* SOURCE DATA
---
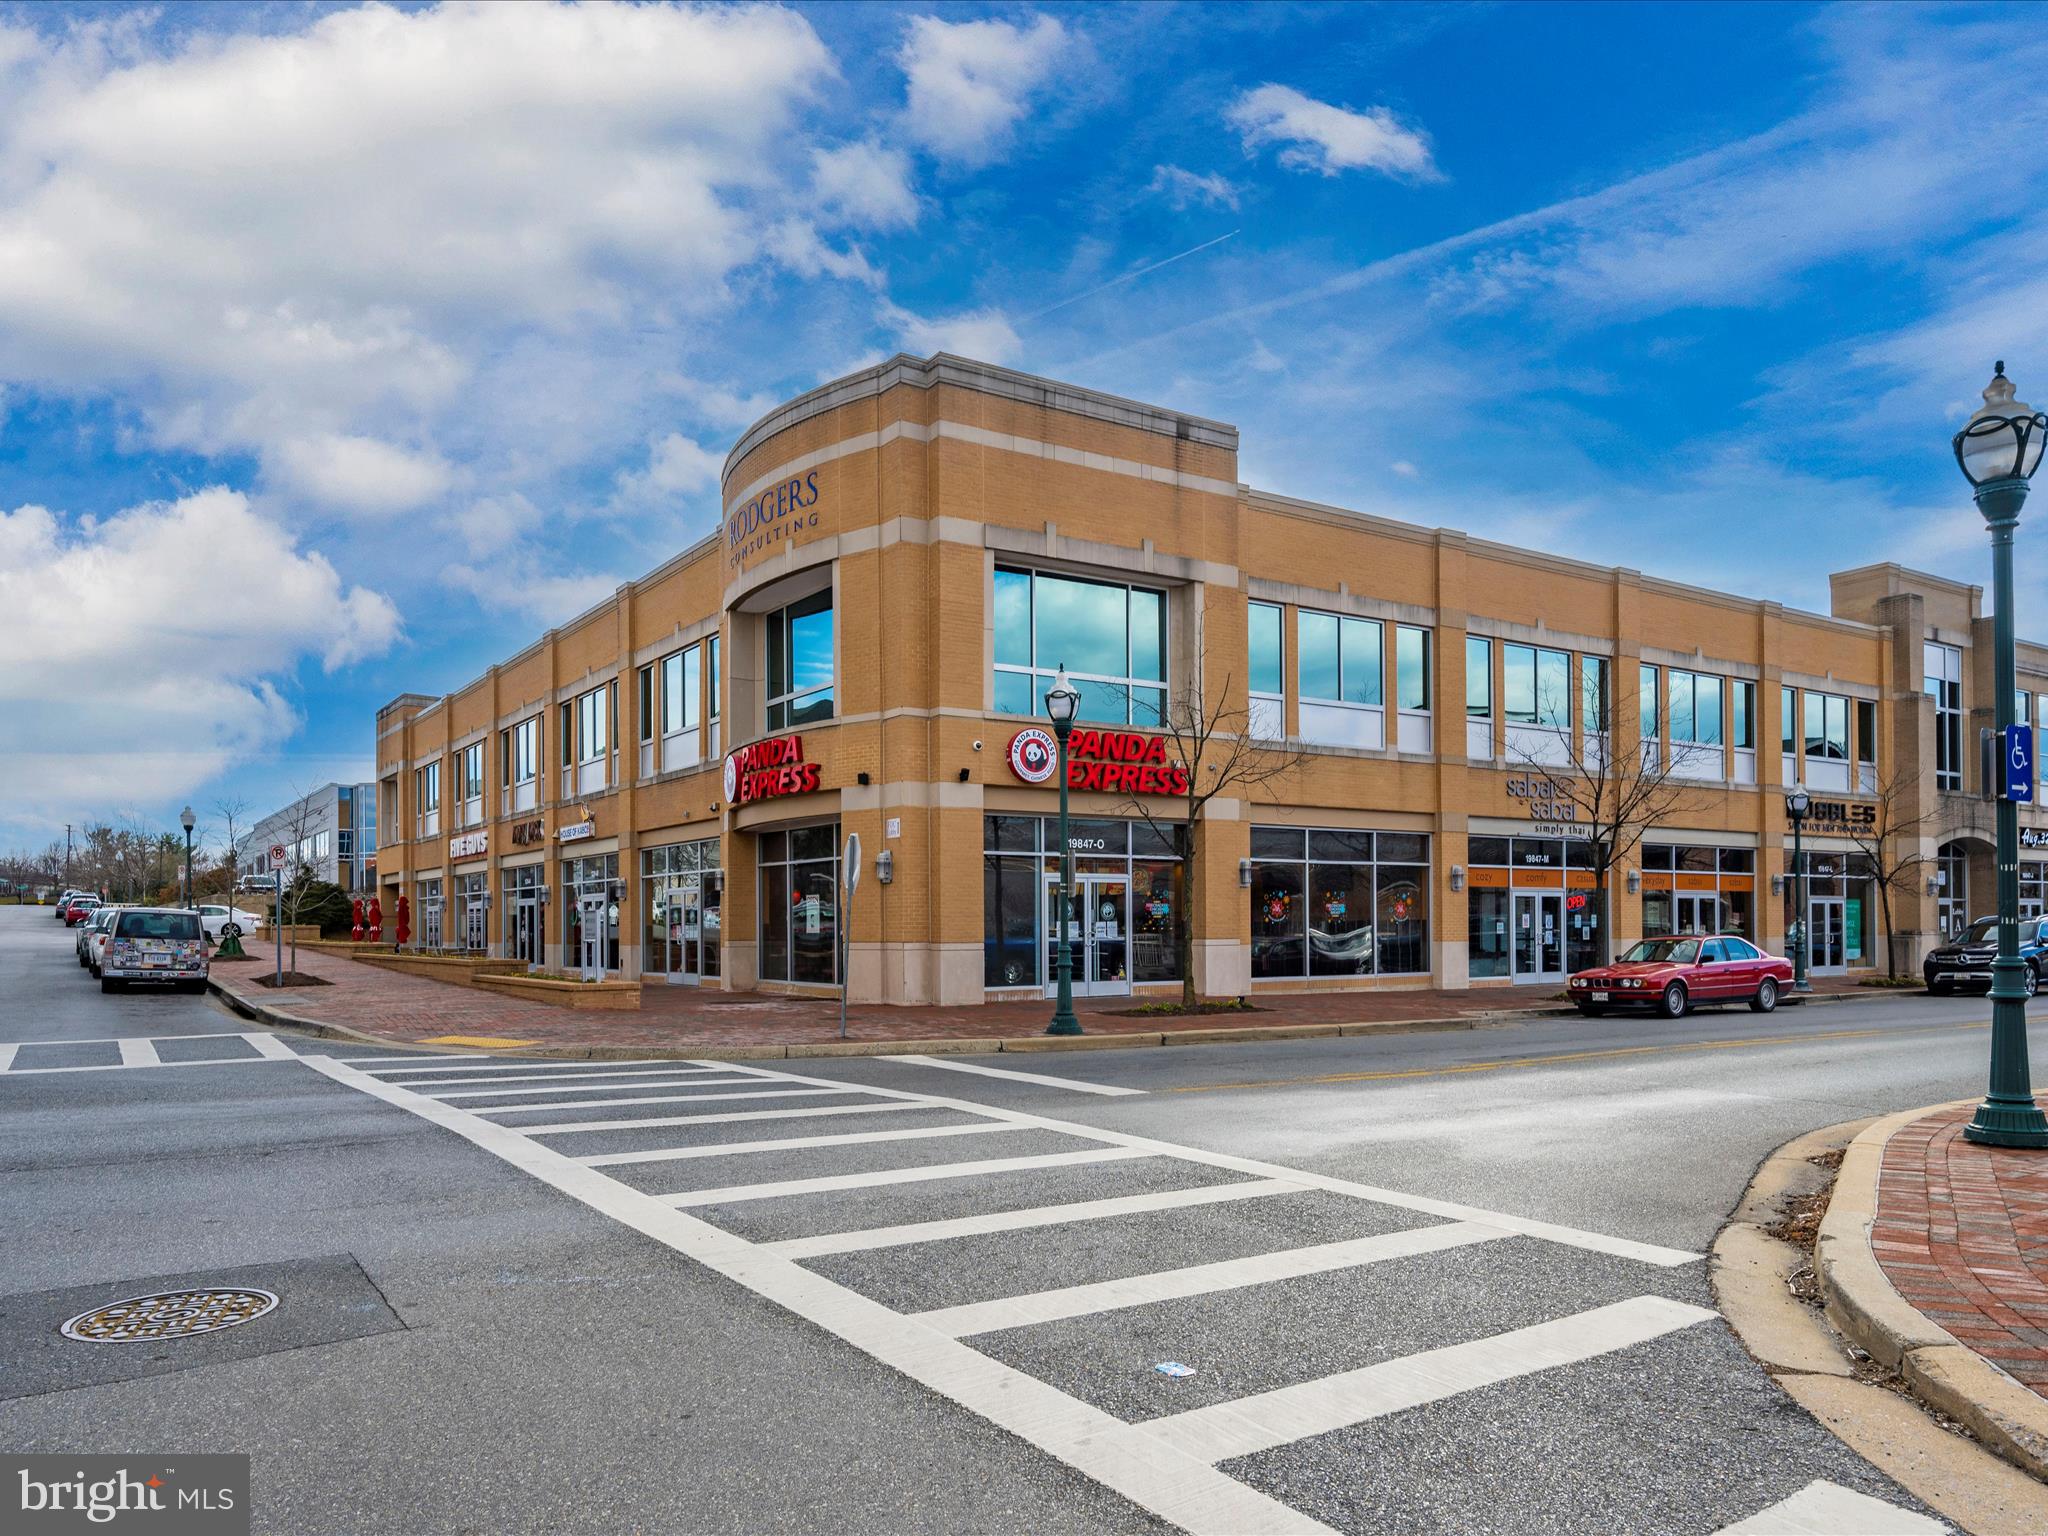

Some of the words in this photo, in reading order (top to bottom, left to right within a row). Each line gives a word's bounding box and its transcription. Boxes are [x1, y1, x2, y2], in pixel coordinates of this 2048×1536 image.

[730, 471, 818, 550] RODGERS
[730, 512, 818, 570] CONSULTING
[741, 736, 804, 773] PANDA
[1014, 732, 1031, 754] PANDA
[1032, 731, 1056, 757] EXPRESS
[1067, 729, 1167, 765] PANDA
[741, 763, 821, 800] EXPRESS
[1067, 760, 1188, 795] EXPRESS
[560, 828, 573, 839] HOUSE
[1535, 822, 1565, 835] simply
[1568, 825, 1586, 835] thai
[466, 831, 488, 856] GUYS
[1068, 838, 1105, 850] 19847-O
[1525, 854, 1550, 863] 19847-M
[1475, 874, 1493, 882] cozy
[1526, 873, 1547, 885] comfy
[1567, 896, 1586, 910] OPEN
---
* TASK INSTRUCTIONS
Please retype the listing in full, exactly as given, and skip every image.

* PROBLEM SOLUTION
Some of the words in this photo, in reading order (top to bottom, left to right within a row). Each line gives a word's bounding box and its transcription. Boxes are [x1, y1, x2, y2], in pixel coordinates of this 2048×1536 image.

[730, 471, 818, 550] RODGERS
[730, 512, 818, 570] CONSULTING
[741, 736, 804, 773] PANDA
[1014, 732, 1031, 754] PANDA
[1032, 731, 1056, 757] EXPRESS
[1067, 729, 1167, 765] PANDA
[741, 763, 821, 800] EXPRESS
[1067, 760, 1188, 795] EXPRESS
[560, 828, 573, 839] HOUSE
[1535, 822, 1565, 835] simply
[1568, 825, 1586, 835] thai
[466, 831, 488, 856] GUYS
[1068, 838, 1105, 850] 19847-O
[1525, 854, 1550, 863] 19847-M
[1475, 874, 1493, 882] cozy
[1526, 873, 1547, 885] comfy
[1567, 896, 1586, 910] OPEN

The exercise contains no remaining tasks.